Bien que dans son roman Dan Fante cite à plusieurs reprises Hubert Selby Jr., En crachant du haut des buildings marche plus clairement sur les traces du plus grand admirateur de Fante père, je veux bien sûr parler du grand Bukowski. D’abord, le thème de En crachant du haut des buildings rappelle forcément celui de Factotum, il s’agit ici encore du parcours d’un asocial enchaînant les boulots ingrats pour survivre, entre deux cuites et quelques (plus rares) parties de jambes en l’air. Mais il y a aussi du Bukowski dans le ton, peut-être pas aussi libre et léger que le Maître, mais suffisamment rentre-dedans pour ne pas laisser indifférent. Comme chez Henry Chinaski, l’alcool occupe une place centrale dans l’existence de Bruno Dante, il y puise la force de rester en vie, et aussi celle de lutter contre ses névroses. L’univers de Dan Fante est toutefois un peu plus glauque que celui de Bukowski, et en cela, il faut sans doute voir l’influence de Selby. Quant à la comparaison avec son illustre père, elle se situe sans doute dans l'habileté à écrire un texte qui s'avérera sans doute actuel dans pas mal d'années encore. Manifestation de cet aspect intemporel, il est assez difficile de situer précisément le récit dans le temps.

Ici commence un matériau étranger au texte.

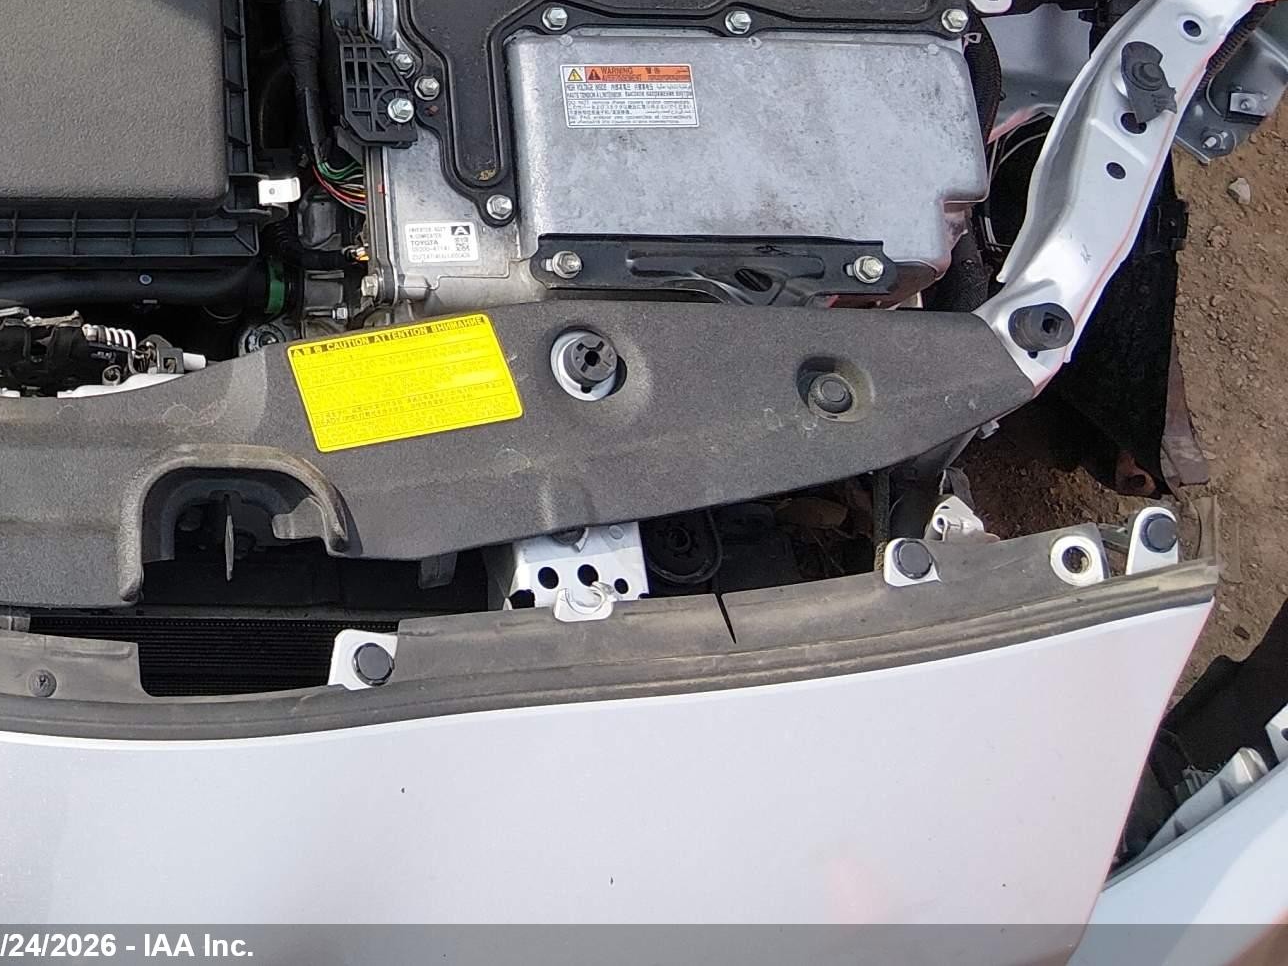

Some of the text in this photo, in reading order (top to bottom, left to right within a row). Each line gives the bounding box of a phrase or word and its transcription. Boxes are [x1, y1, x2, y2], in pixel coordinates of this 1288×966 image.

[601, 67, 633, 75] WARNING
[326, 337, 369, 351] CAUTION
[373, 327, 428, 344] ATTENTION
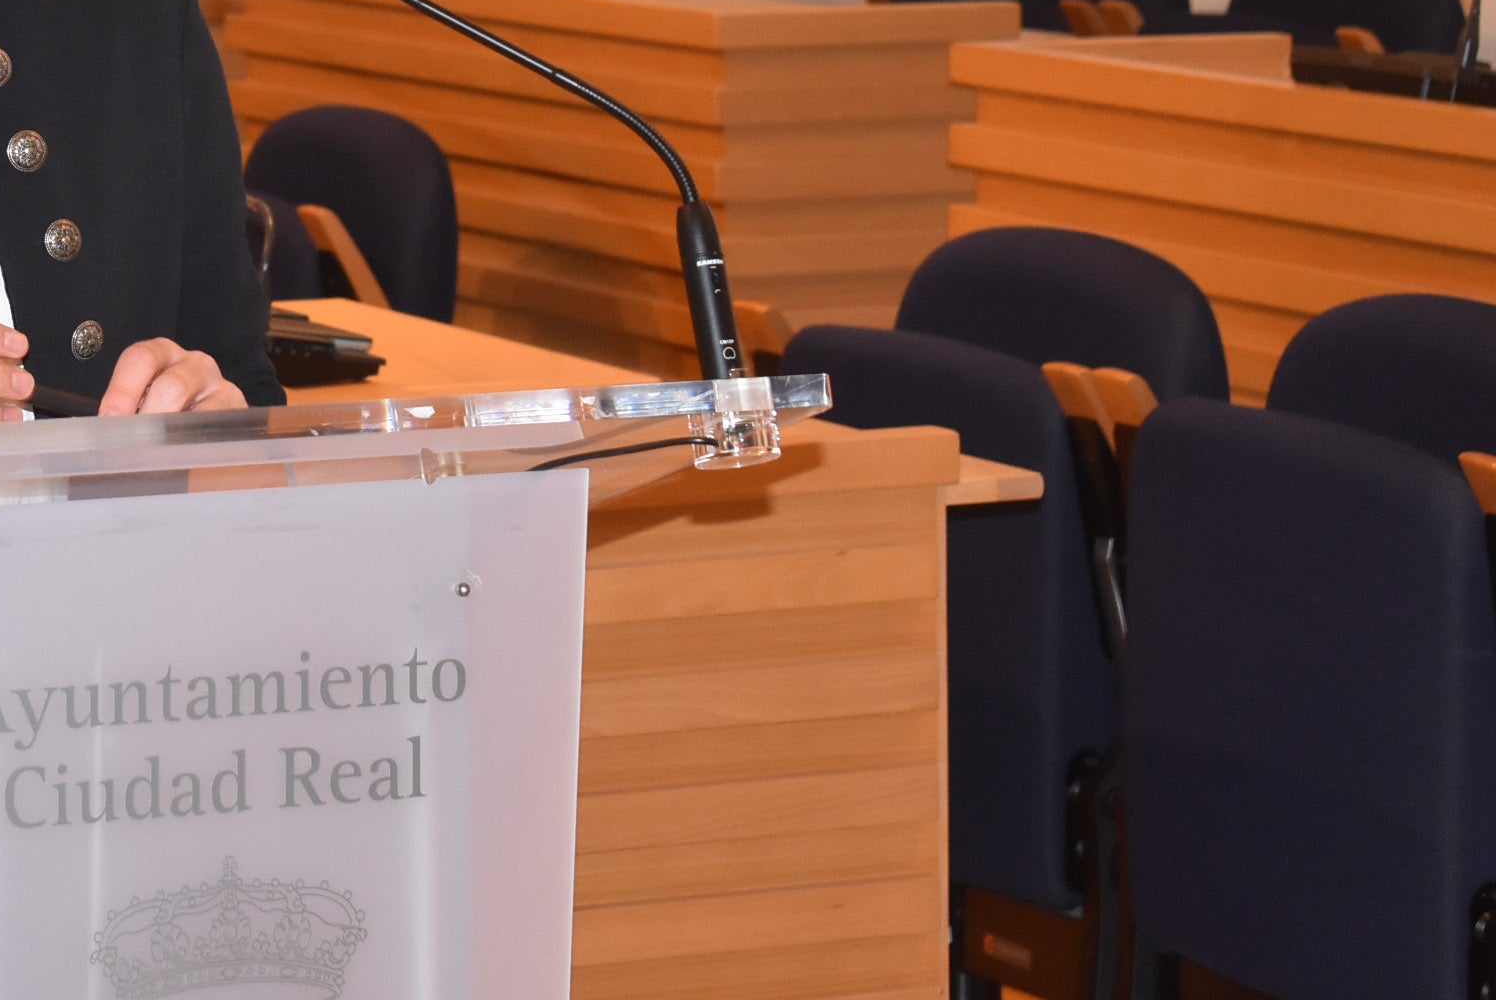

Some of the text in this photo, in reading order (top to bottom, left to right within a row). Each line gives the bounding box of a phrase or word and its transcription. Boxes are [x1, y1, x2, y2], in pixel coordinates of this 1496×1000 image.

[696, 258, 724, 267] SAMSON
[4, 735, 426, 829] Ciudad Real

"(...) Je me levai et me dirigeai vers mon bureau, le regard vissé sur les pages noircies de mots. Je vis les fautes d'orthographe, les erreurs dues à la précipitation, ma ponctuation incorrecte, lamentable. Quelle nullité ! Je balançai les feuilles dans la corbeille à papier. Je n'avais aucun talent. Pas étonnant que je picole et que je laisse les pédés me sucer le bout. Un loser, voilà ce que j'étais, condamné à ne pas avoir de boulot, presque complètement fauché, un vrai cafard collé aux murs de cette pension pleine de camés et de pervers. Je n'avais que ce que je méritais. (...)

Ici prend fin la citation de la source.